I inherited my grandfathers Bulova Longchamp, which originally (?) came with a rolled gold Excalibur expanding bracelet.

The bracelet has had many years of use, some of the expanding sections are lazy/snapped, and I replaced with a leather strap.

It just not the same.

Does anyone know of a possible source for an Excalibur 71 (or similar) expanding bracelet?

Lug width is 18mm.

Length is 150mm.

Watch is 9ct gold, not yellowy, quite warm.



Thanks in advance.


----------



## spinynorman (Apr 2, 2014)

Ti22 said:


> Excalibur 71


 They do come up on ebay, used. It would be a question of finding a good one.


----------



## Ti22 (Apr 30, 2020)

Hello Spinynorman.

After much searching, I've managed to find a couple of NOS Bulova bracelets on ebay.

Seen a couple of used Excalibur bracelets but problem might be they are similar condition to the one I want to change!

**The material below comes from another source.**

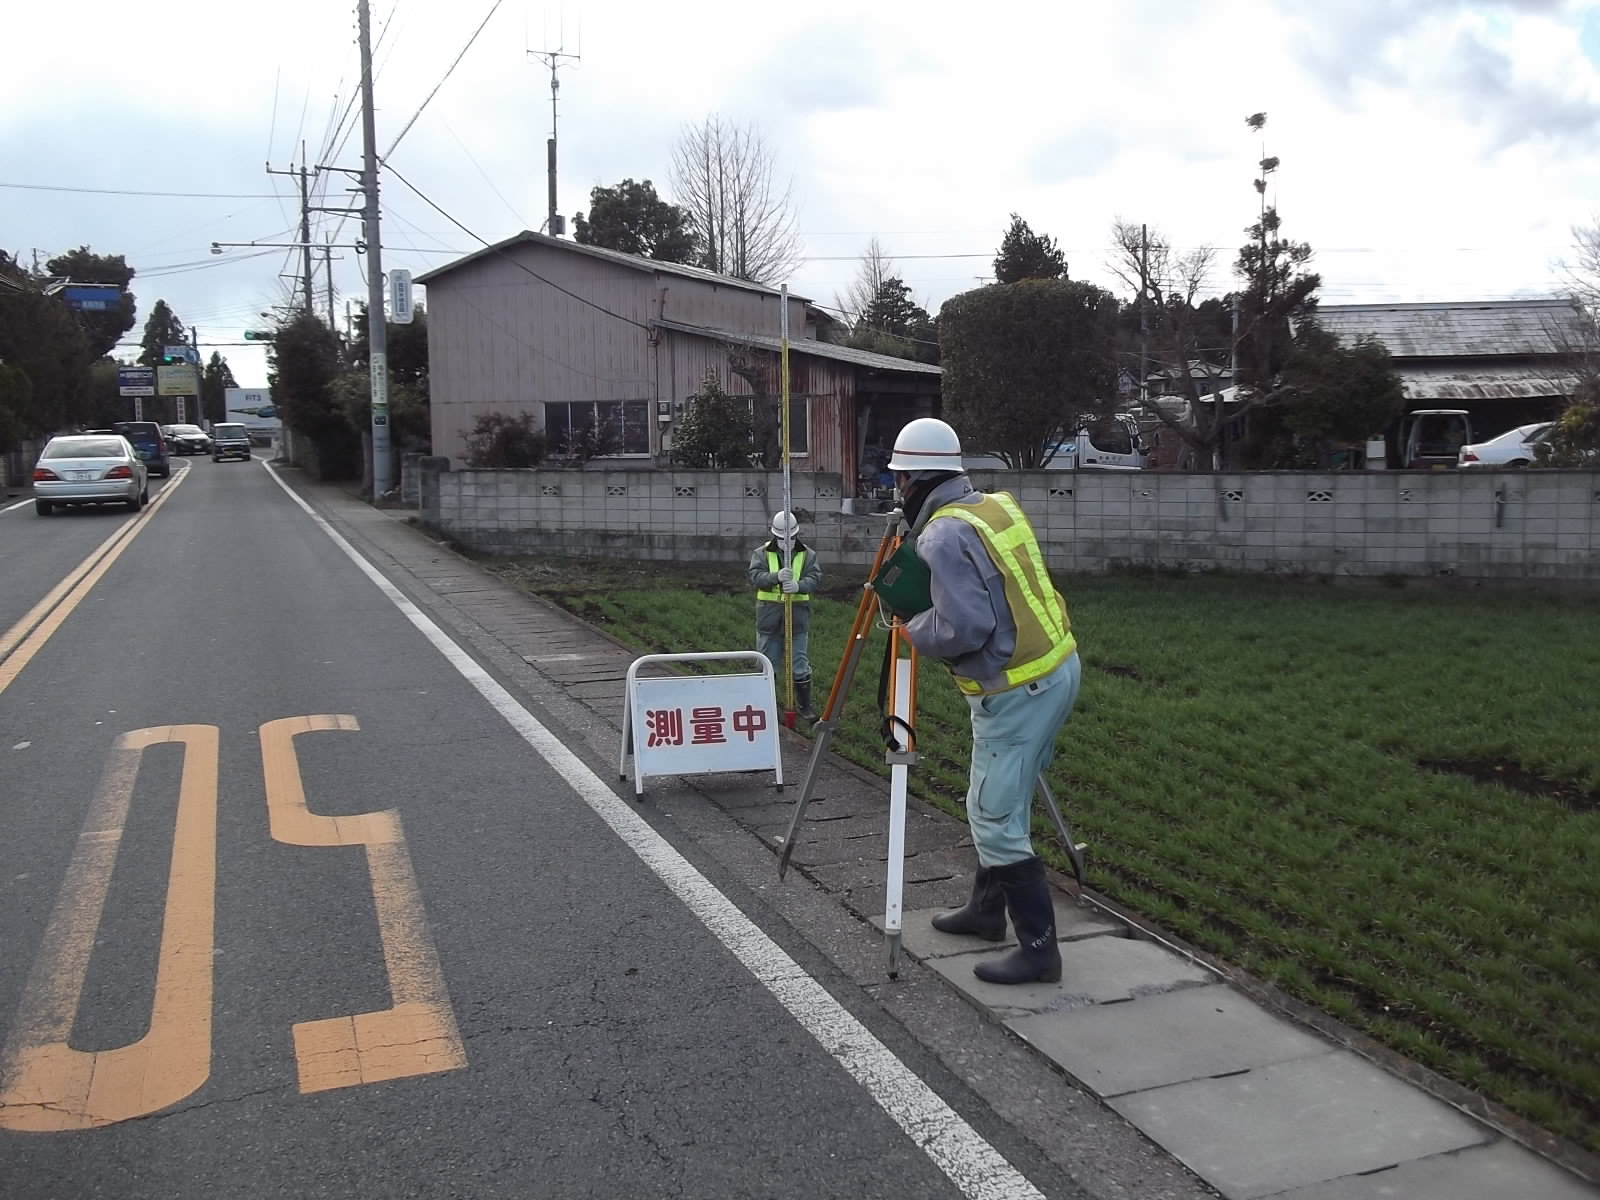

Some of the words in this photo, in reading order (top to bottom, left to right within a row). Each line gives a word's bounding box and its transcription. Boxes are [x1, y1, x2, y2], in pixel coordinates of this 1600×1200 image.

[646, 704, 767, 747] 測量中
[0, 713, 468, 1132] 50

I'm going with NOS Bulova route.

Thanks.


----------



## spinynorman (Apr 2, 2014)

Ti22 said:


> I'm going with NOS Bulova route.


 Sounds like a better option.


----------



## Ti22 (Apr 30, 2020)

I don't use ebay much at all but the dealer appeared to have a really wide choice, so I bought 2 different styles at $20 a piece. NOS 70's Bulova branded bracelet. A no brainer.

The ebay dealer in the US was called theflashdeal, 99.5% rating.


----------



## Ti22 (Apr 30, 2020)

Super chuffed with the NOS Bulova expanding bracelet.

Ebay seller was theflashdeal.

It was a little tarnished but local watch guy polished gently with rouge (?)

Looks like new.

My dad & grandad would be very pleased.


----------



## spinynorman (Apr 2, 2014)

I'm glad that worked out for you. It does suit the watch very well.


----------